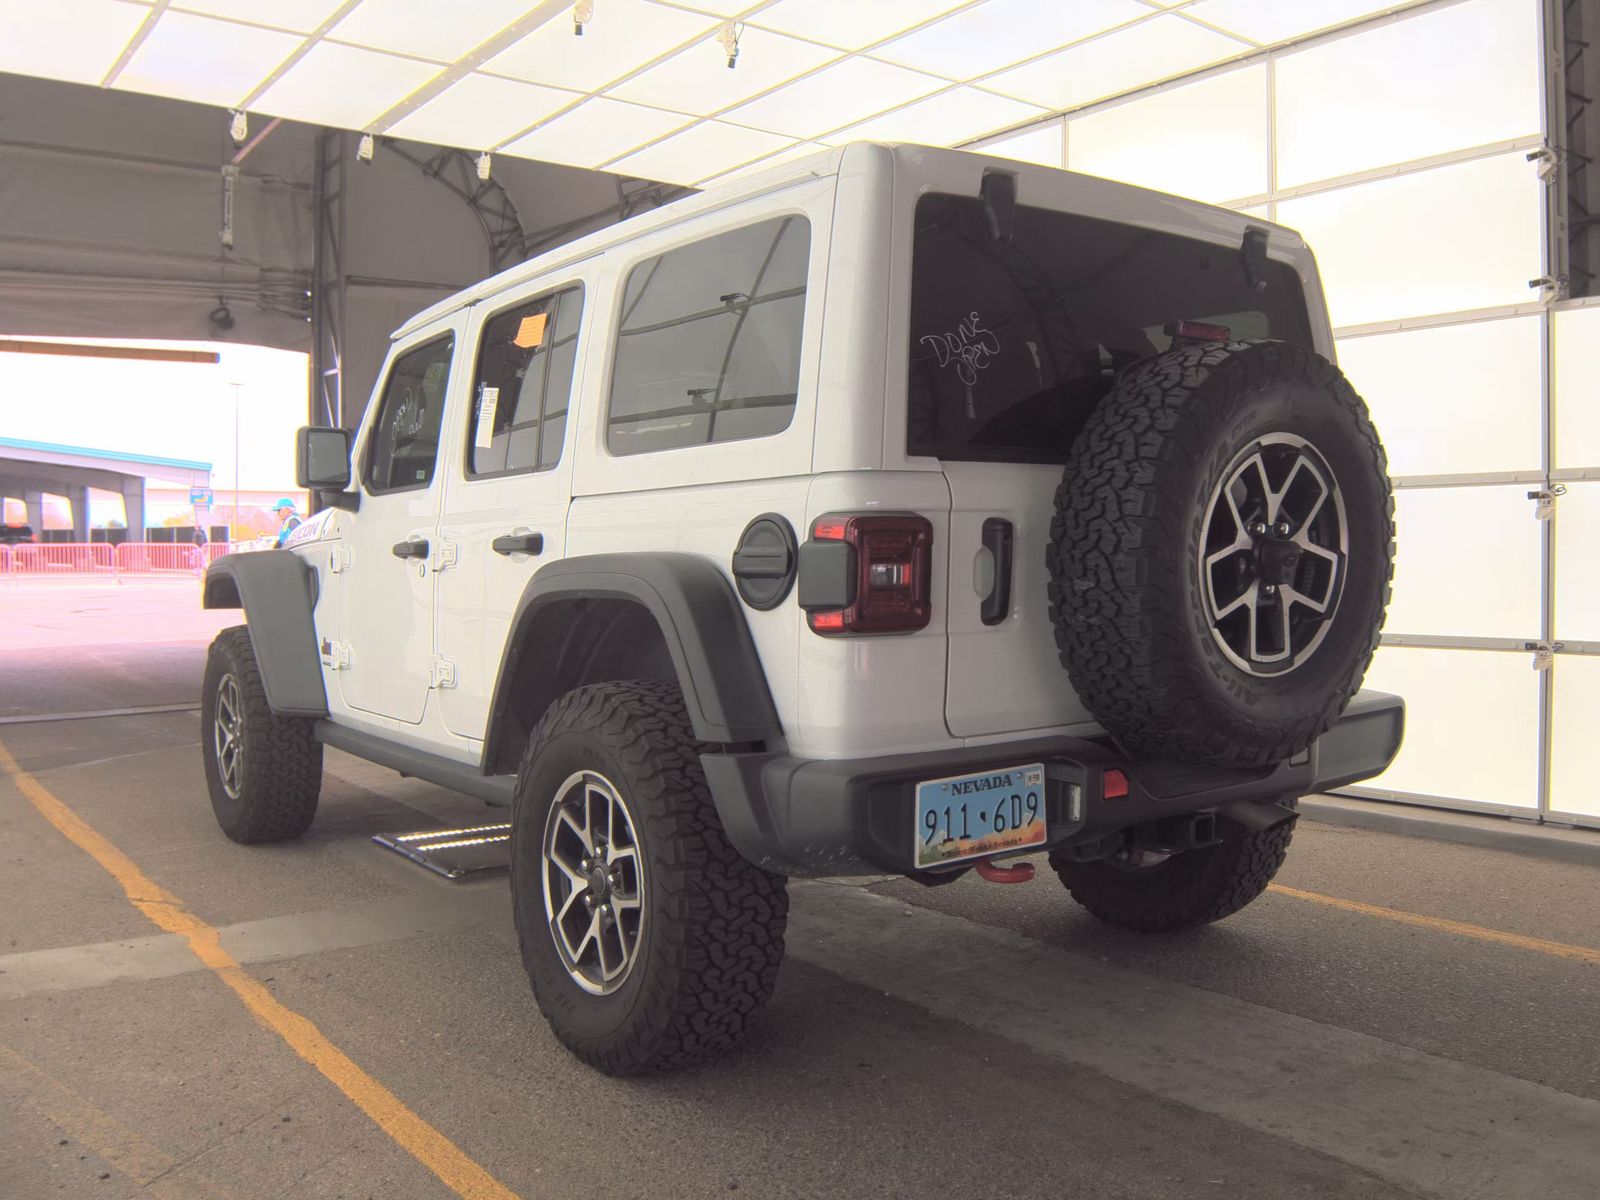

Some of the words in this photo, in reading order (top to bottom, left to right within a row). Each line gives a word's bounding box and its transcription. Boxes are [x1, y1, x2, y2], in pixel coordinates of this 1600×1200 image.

[919, 311, 988, 368] DONE
[951, 774, 1013, 796] NEVADA
[925, 803, 971, 846] 911
[994, 791, 1038, 833] 6D9
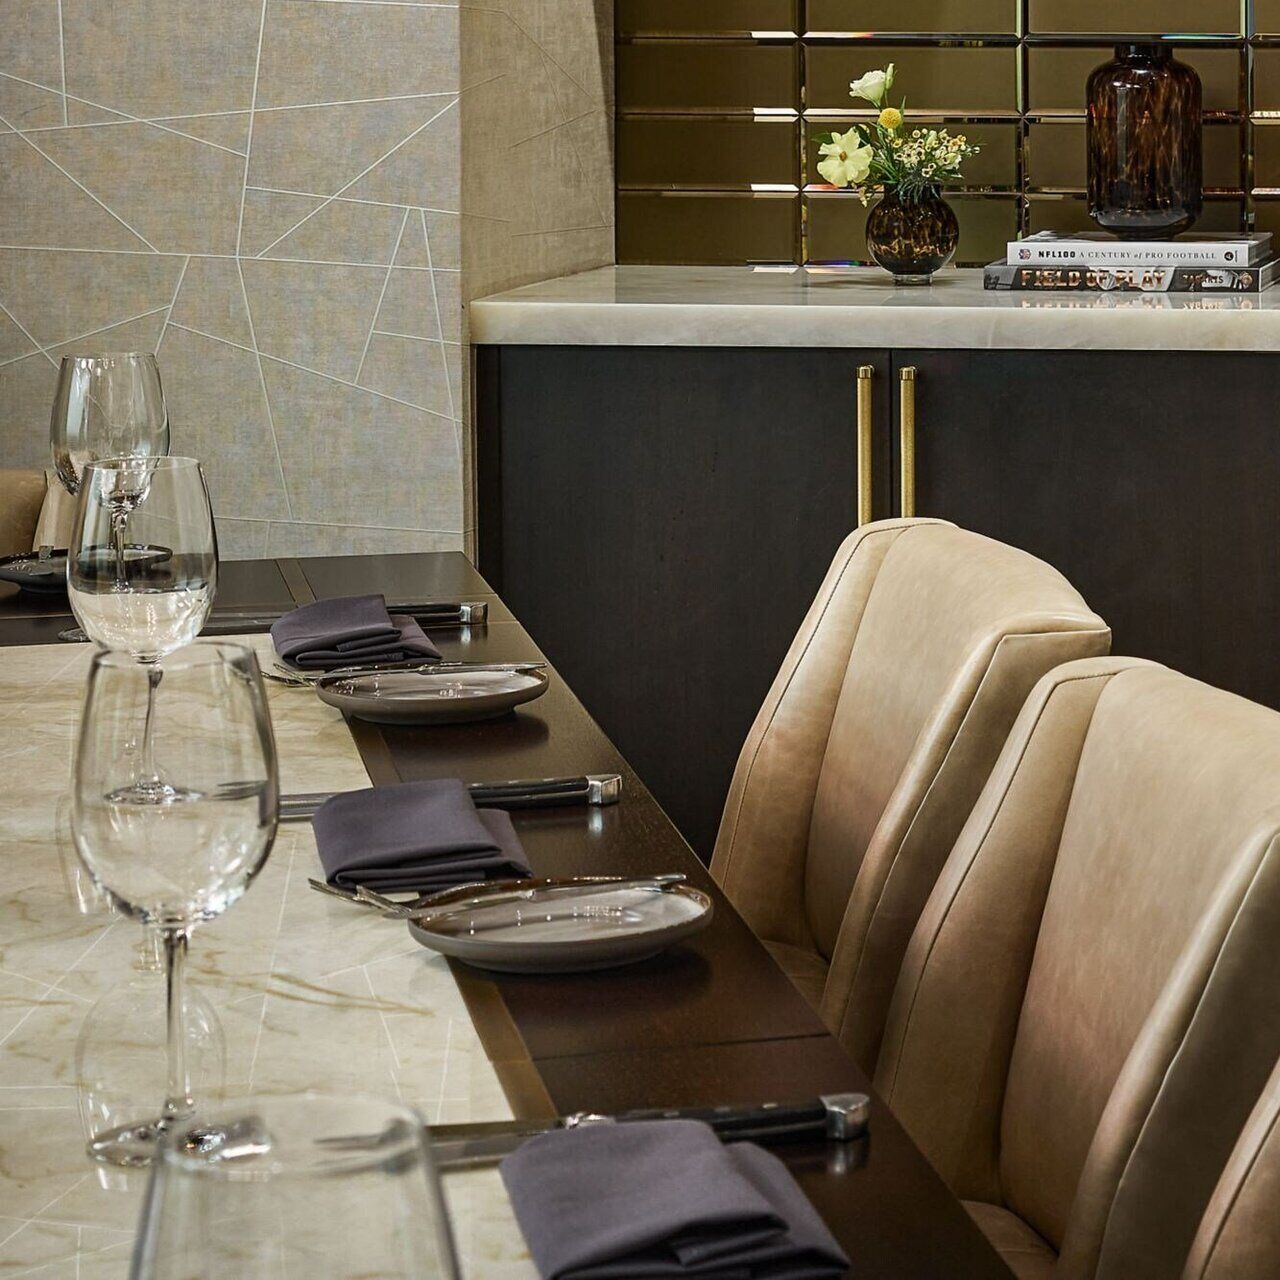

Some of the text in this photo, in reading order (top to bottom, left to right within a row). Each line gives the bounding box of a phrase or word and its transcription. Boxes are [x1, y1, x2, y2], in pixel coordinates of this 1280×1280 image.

[1134, 252, 1142, 260] of
[1021, 270, 1166, 288] FIELD OF PLAY
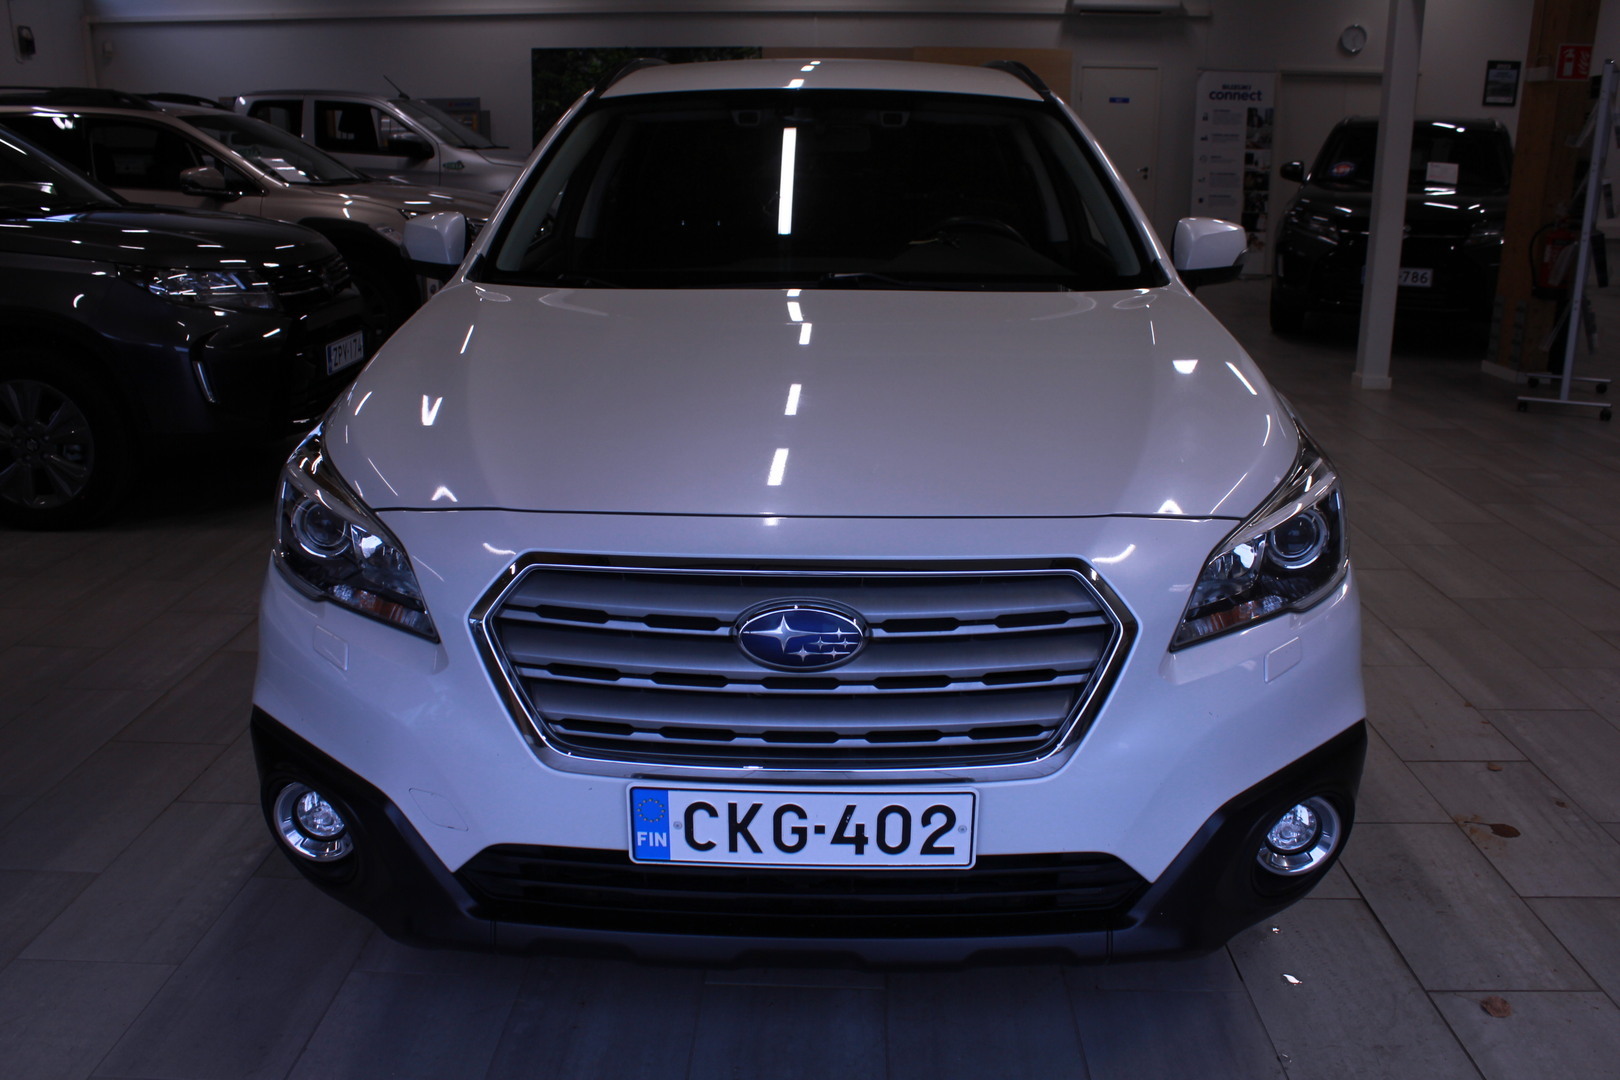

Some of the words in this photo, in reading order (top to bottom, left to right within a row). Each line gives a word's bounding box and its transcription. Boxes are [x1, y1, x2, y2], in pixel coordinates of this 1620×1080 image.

[1209, 90, 1262, 101] connect
[684, 801, 957, 855] CKG-402
[637, 831, 667, 847] FIN
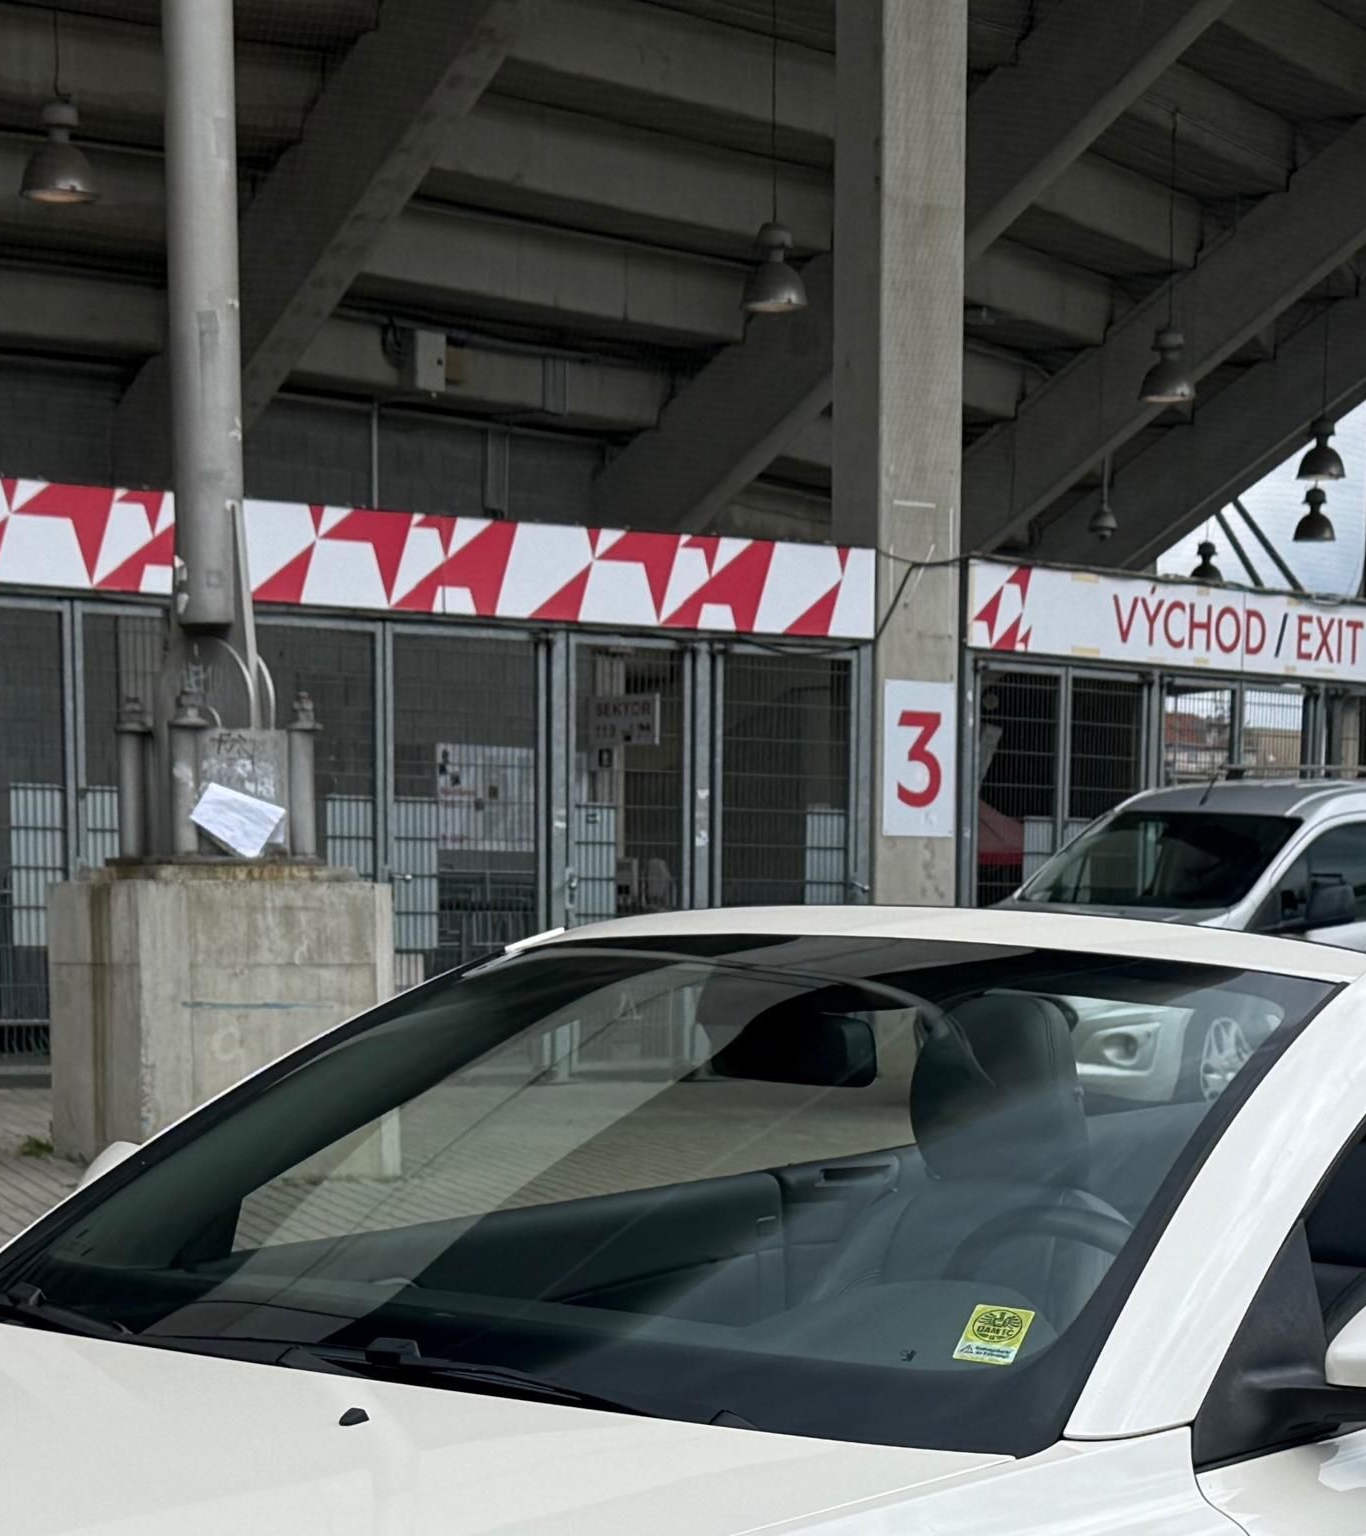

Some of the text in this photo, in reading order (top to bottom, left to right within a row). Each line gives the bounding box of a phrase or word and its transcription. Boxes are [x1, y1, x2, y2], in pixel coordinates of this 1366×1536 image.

About this exercise:
Begin at the line with "this 1620×1080 image." and retype exactly every line through the last one of the entries above, both included, and nothing more; pictures stay out.

Reply to the exercise:
Some of the words in this photo, in reading order (top to bottom, left to right within a row). Each line gives a word's bounding box and its transcription. Boxes are [x1, y1, x2, y2], in pixel coordinates of this 1620×1080 image.

[1209, 90, 1262, 101] connect
[684, 801, 957, 855] CKG-402
[637, 831, 667, 847] FIN

Some of the text in this photo, in reading order (top to bottom, left to right within a row). Each line gives the bounding box of a phrase or word and its transcription. Boxes are [x1, y1, x2, y2], in pixel coordinates of this 1366×1536 image.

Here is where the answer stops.